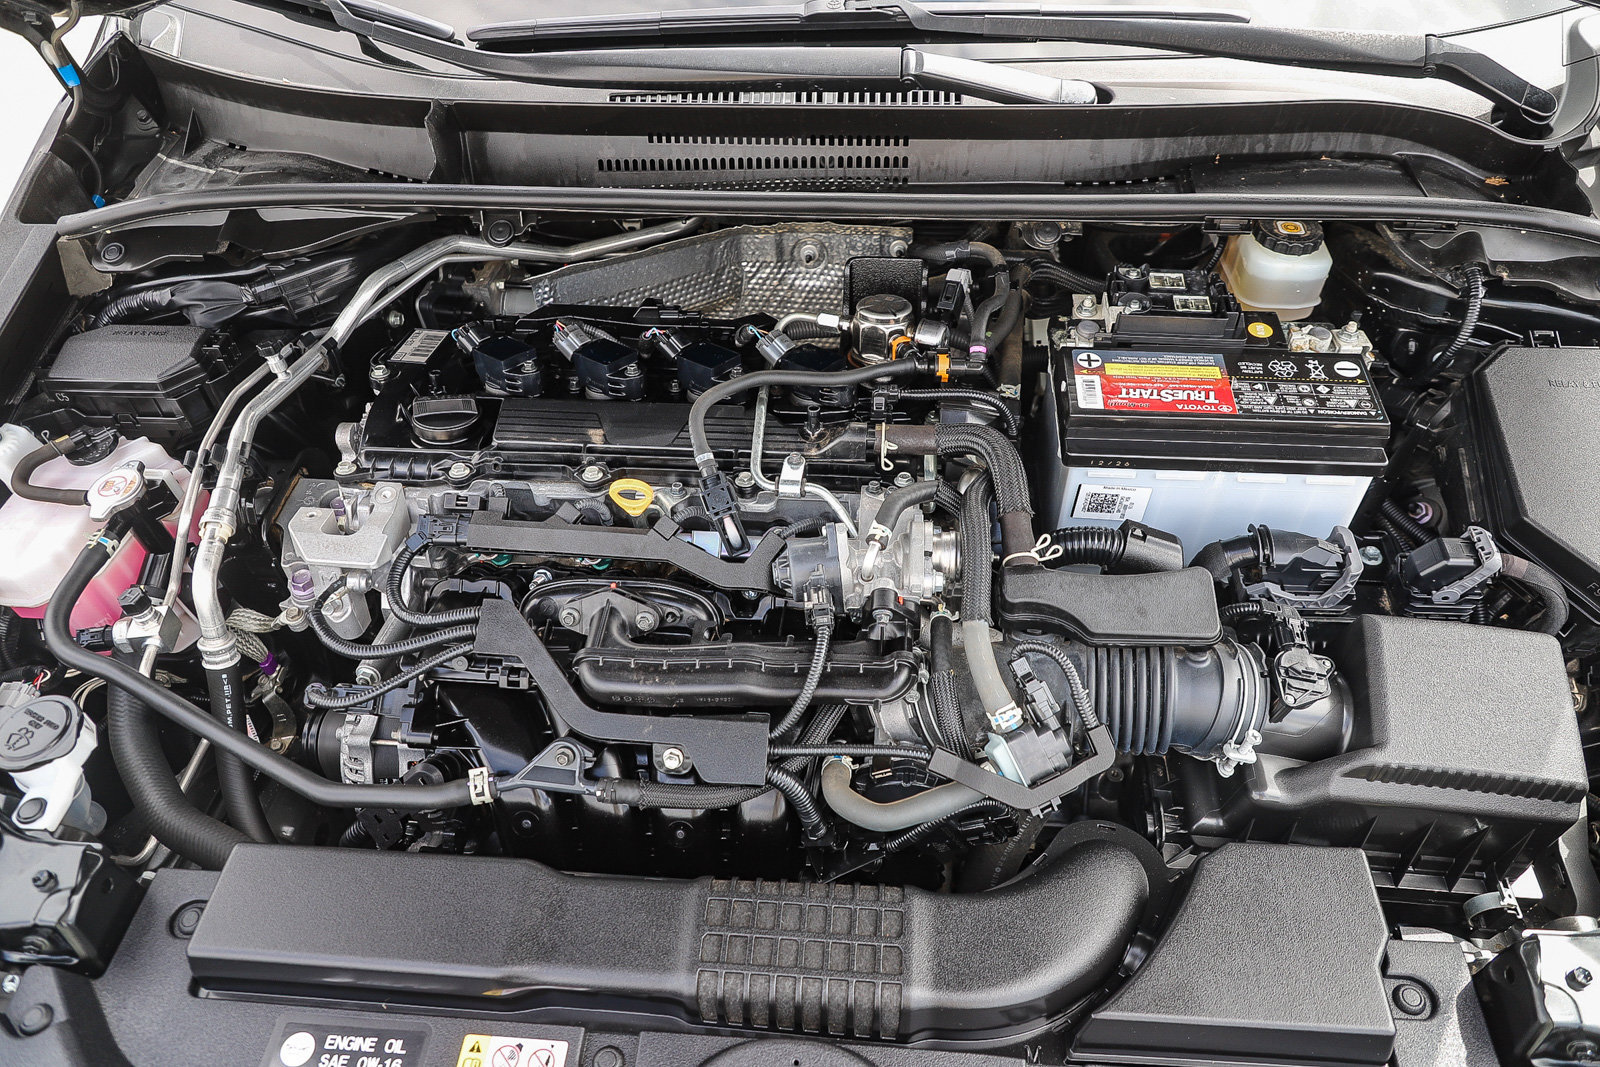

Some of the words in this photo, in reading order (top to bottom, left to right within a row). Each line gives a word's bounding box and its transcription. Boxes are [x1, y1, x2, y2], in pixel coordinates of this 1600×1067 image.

[1176, 403, 1216, 411] TOYOTA
[324, 1034, 378, 1052] ENGINE
[384, 1038, 407, 1055] OIL
[318, 1053, 350, 1067] SAE
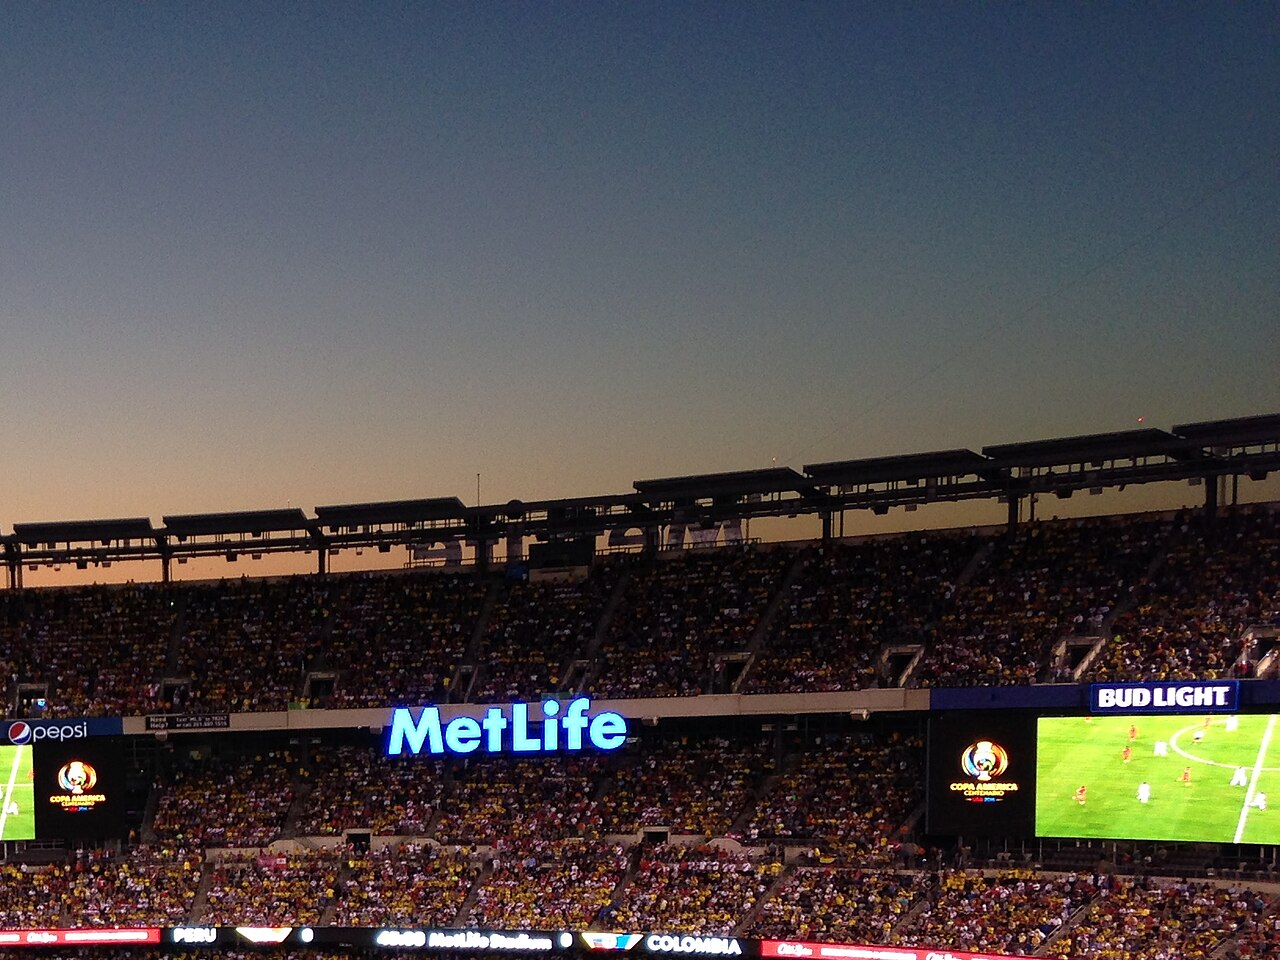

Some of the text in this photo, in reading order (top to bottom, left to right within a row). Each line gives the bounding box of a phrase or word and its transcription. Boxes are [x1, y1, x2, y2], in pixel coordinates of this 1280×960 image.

[1098, 686, 1231, 707] BUD LIGHT
[33, 722, 88, 742] pepsi
[388, 698, 627, 755] MetLife
[950, 783, 1018, 791] COPA AMERICA
[173, 927, 217, 943] PERU
[647, 935, 742, 955] COLOMBIA
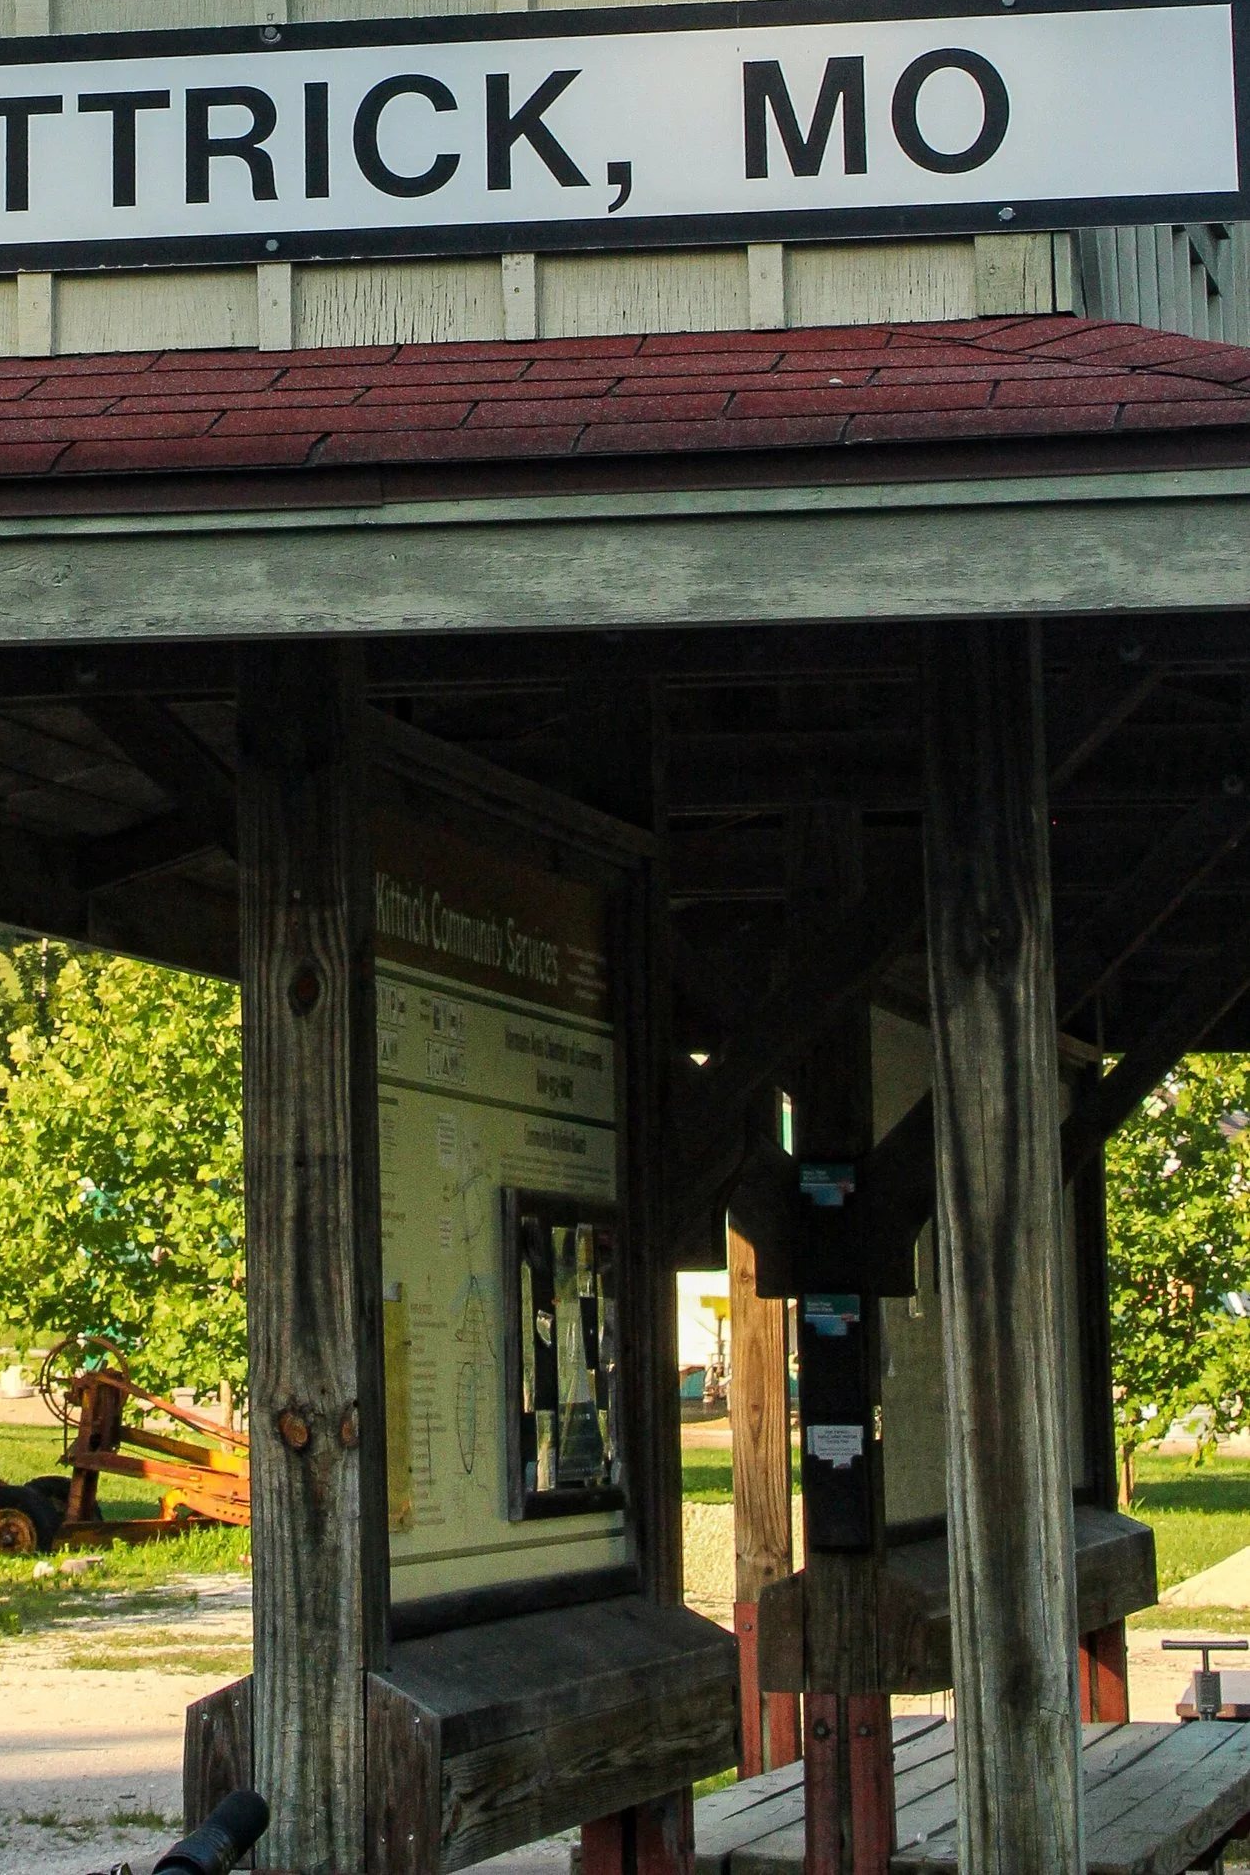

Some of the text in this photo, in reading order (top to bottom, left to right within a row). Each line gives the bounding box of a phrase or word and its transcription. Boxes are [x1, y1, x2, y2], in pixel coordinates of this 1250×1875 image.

[742, 47, 1010, 180] MO
[431, 891, 503, 967] Community
[506, 917, 561, 986] Services

*Task details:* The records need to be restated word for word, minus any images.

*Answer section:*
Some of the words in this photo, in reading order (top to bottom, left to right within a row). Each line gives a word's bounding box and its transcription. Boxes are [x1, y1, x2, y2], in pixel coordinates of this 1600×1067 image.

[1176, 403, 1216, 411] TOYOTA
[324, 1034, 378, 1052] ENGINE
[384, 1038, 407, 1055] OIL
[318, 1053, 350, 1067] SAE

Some of the text in this photo, in reading order (top to bottom, left to right within a row). Each line gives the bounding box of a phrase or word and its transcription. Boxes are [x1, y1, x2, y2], in pixel coordinates of this 1280×960 image.

[1098, 686, 1231, 707] BUD LIGHT
[33, 722, 88, 742] pepsi
[388, 698, 627, 755] MetLife
[950, 783, 1018, 791] COPA AMERICA
[173, 927, 217, 943] PERU
[647, 935, 742, 955] COLOMBIA

Some of the text in this photo, in reading order (top to bottom, left to right within a row). Each line gives the bounding box of a phrase or word and its transcription. Boxes are [x1, y1, x2, y2], in pixel coordinates of this 1250×1875 image.

[742, 47, 1010, 180] MO
[431, 891, 503, 967] Community
[506, 917, 561, 986] Services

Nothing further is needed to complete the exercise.